My response was also quite simple. I said that I wasn’t sure what he meant: I am and always will be 100% committed to my wife. He happened to be online, so he pinged me back right away, saying that this was all very weird, as he had a person on his “friends” list of my wife’s exact name (using her maiden name, of course), and this person listed some other person (the adulterer, of course) as her partner. I was about to reply, when he pinged again, asking whether it could be some big mistake. Perhaps, he suggested, my wife had erased her account, and some other person with her name appeared on his list. (I know this is basically impossible, but he did seem genuinely confused.) I told him that I had no idea, and that I was seldom on Facebook anyway. He apologized for the confusion, and we wished each other well.
Knowing this friend quite well, I know him to be quite curious, and at times also somewhat naïve.
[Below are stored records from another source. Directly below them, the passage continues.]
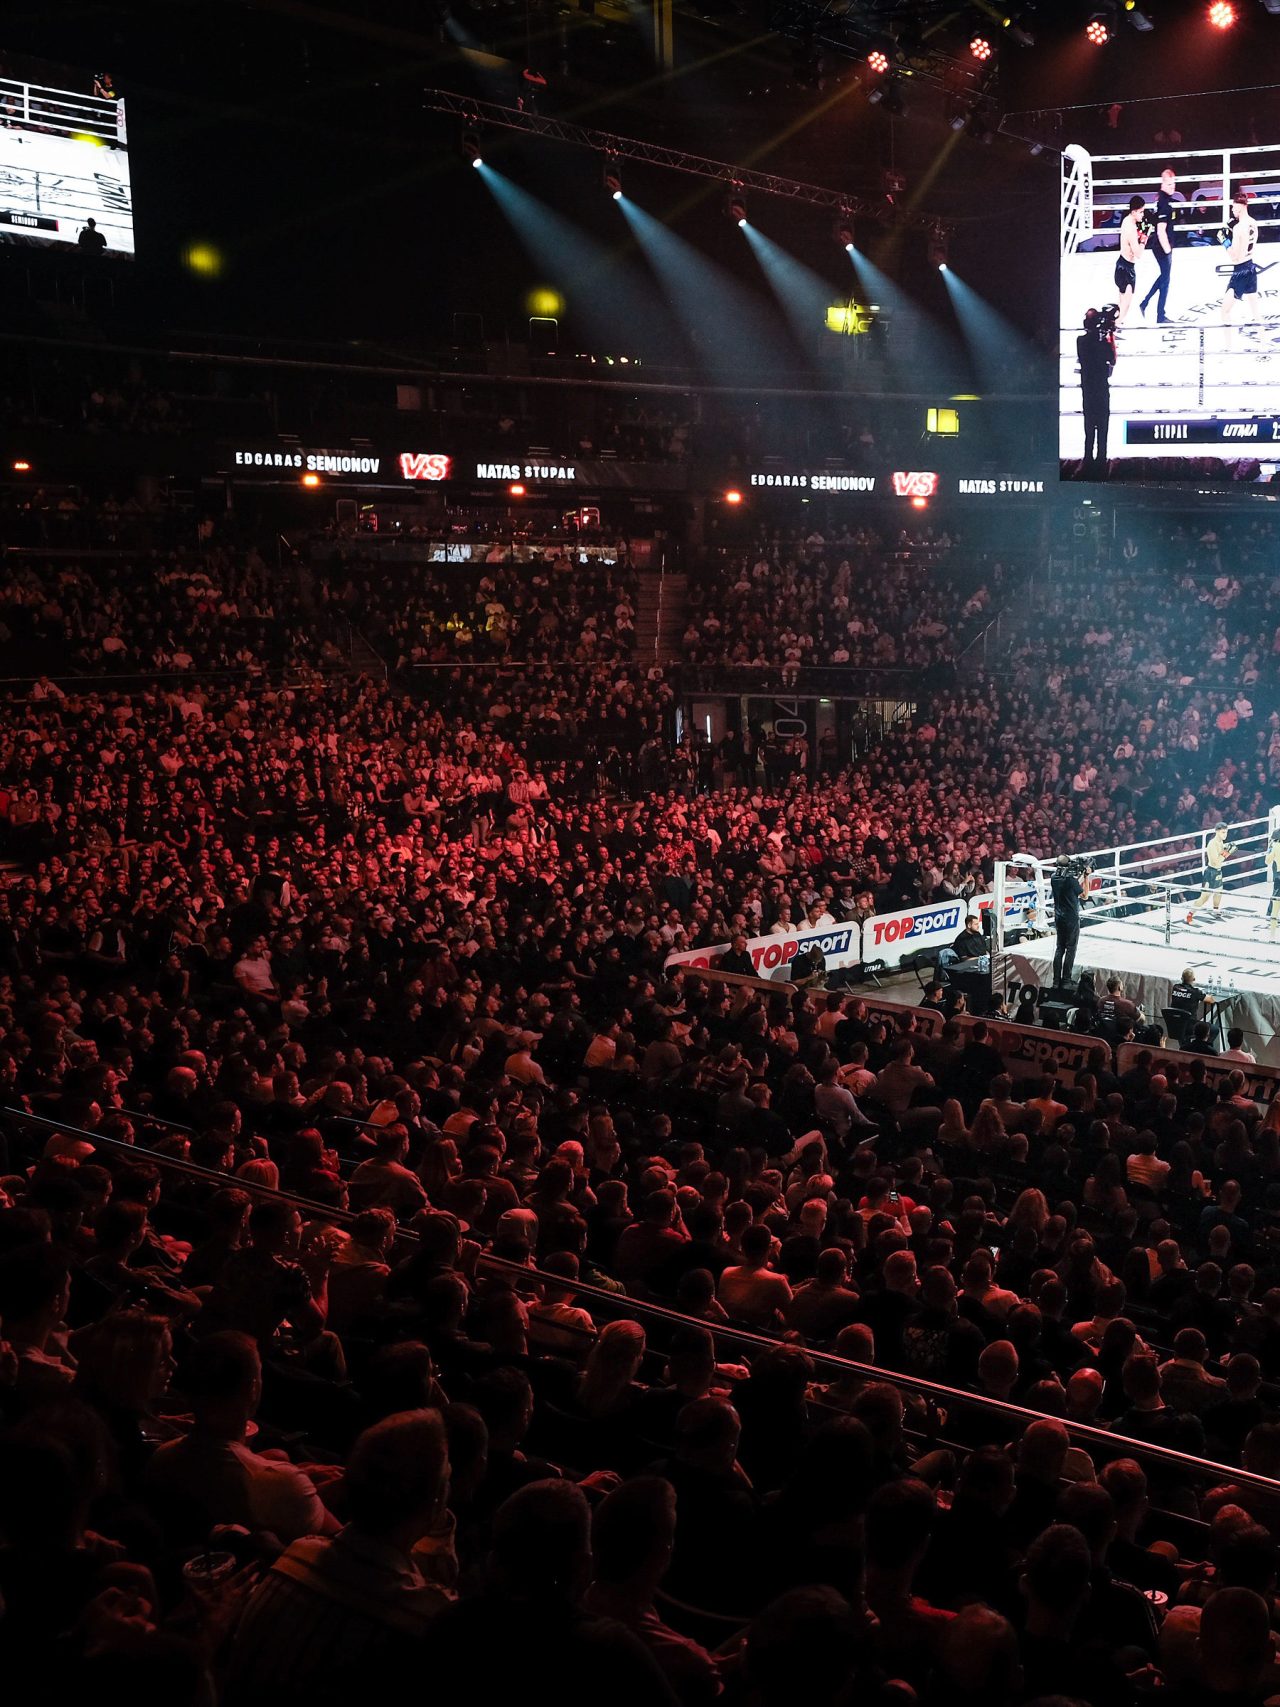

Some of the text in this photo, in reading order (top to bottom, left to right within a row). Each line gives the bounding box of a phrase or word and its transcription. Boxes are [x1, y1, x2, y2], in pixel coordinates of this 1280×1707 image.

[236, 452, 575, 481] EDGARAS SEMIONOV VS NATAS STUPAK
[751, 471, 1044, 497] EDGARAS SEMIONOV VS NATAS STUPAK
[873, 906, 959, 945] TOPsport
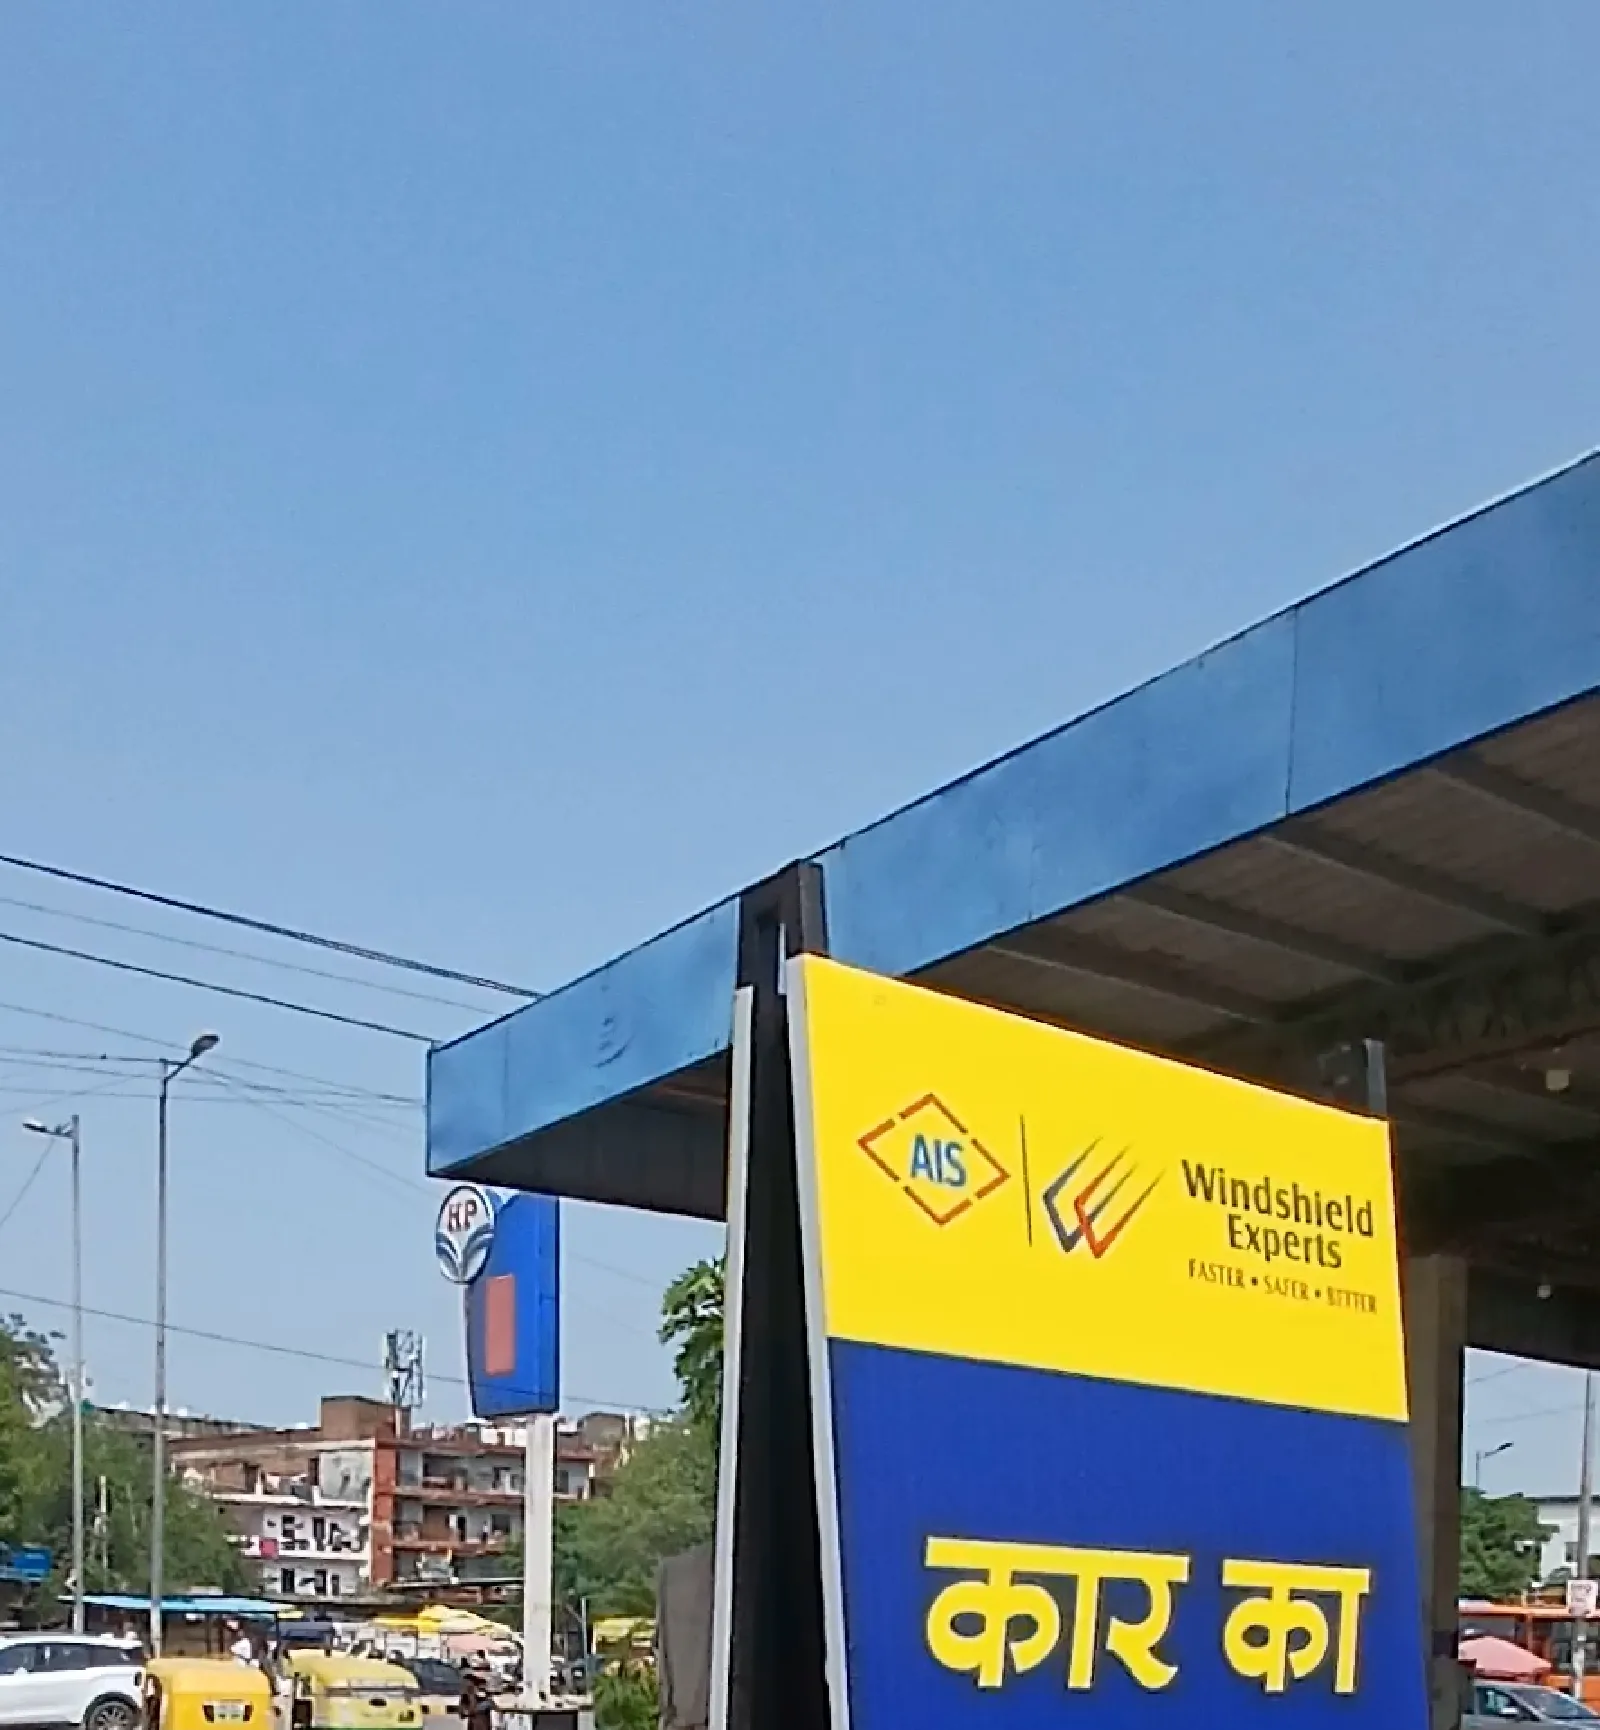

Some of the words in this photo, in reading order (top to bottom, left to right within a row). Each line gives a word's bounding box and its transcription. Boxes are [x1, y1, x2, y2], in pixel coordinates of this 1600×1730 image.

[910, 1133, 967, 1188] AIS
[447, 1199, 478, 1232] HP
[1180, 1159, 1374, 1238] Windshield
[1227, 1213, 1342, 1268] Experts
[1188, 1258, 1246, 1288] FASTER
[1263, 1275, 1310, 1301] SAFER
[1326, 1285, 1378, 1315] BETTER
[923, 1538, 1188, 1690] कार
[1220, 1559, 1370, 1691] का
I expected that he would get in touch with my wife immediately thereafter, and ask questions to ascertain her identity, i.e. “are you really so-and-so’s wife?” And, with my wife’s apparent Facebook addiction (I’ve heard from many people that she copiously posts pictures and other things there), coupled with her general lack of responsibilities, I imagined he would find her online and they’d have a dialogue.
This could very well be what happened. Later that day, I discovered something very curious: my wife had unblocked me on Facebook. Now, she blocked me way back in January, because she didn’t want me to know what she was up to. But, while blocking a user prevents that person from following your profile, it also makes the blocked user’s profile invisible to you as well. I believe she probably unblocked me to see the picture I’d put on my profile page. This has got to be somewhat of a shock to her system.
Now, let me be clear: I did not change that photo to provoke a response. I did it because I’m standing for my marriage. I don’t know (or particularly care) what my wife has said to others about me and our situation, but I have kept my entire marriage crisis private from just about anyone who might know me or my wife. The only people who do know, outside of a few family members, are people that my wife has told. These people generally do not talk about this with me.
So, I guess I’m awaiting the blowback from this latest revelation, if any. It’s kind of hard for me to imagine where things are going to go from here. I’m pretty certain that this will just destabilize her adulterous relationship even further.
As for now, I’m just enjoying the time with family, relaxing and soaking up the sunshine.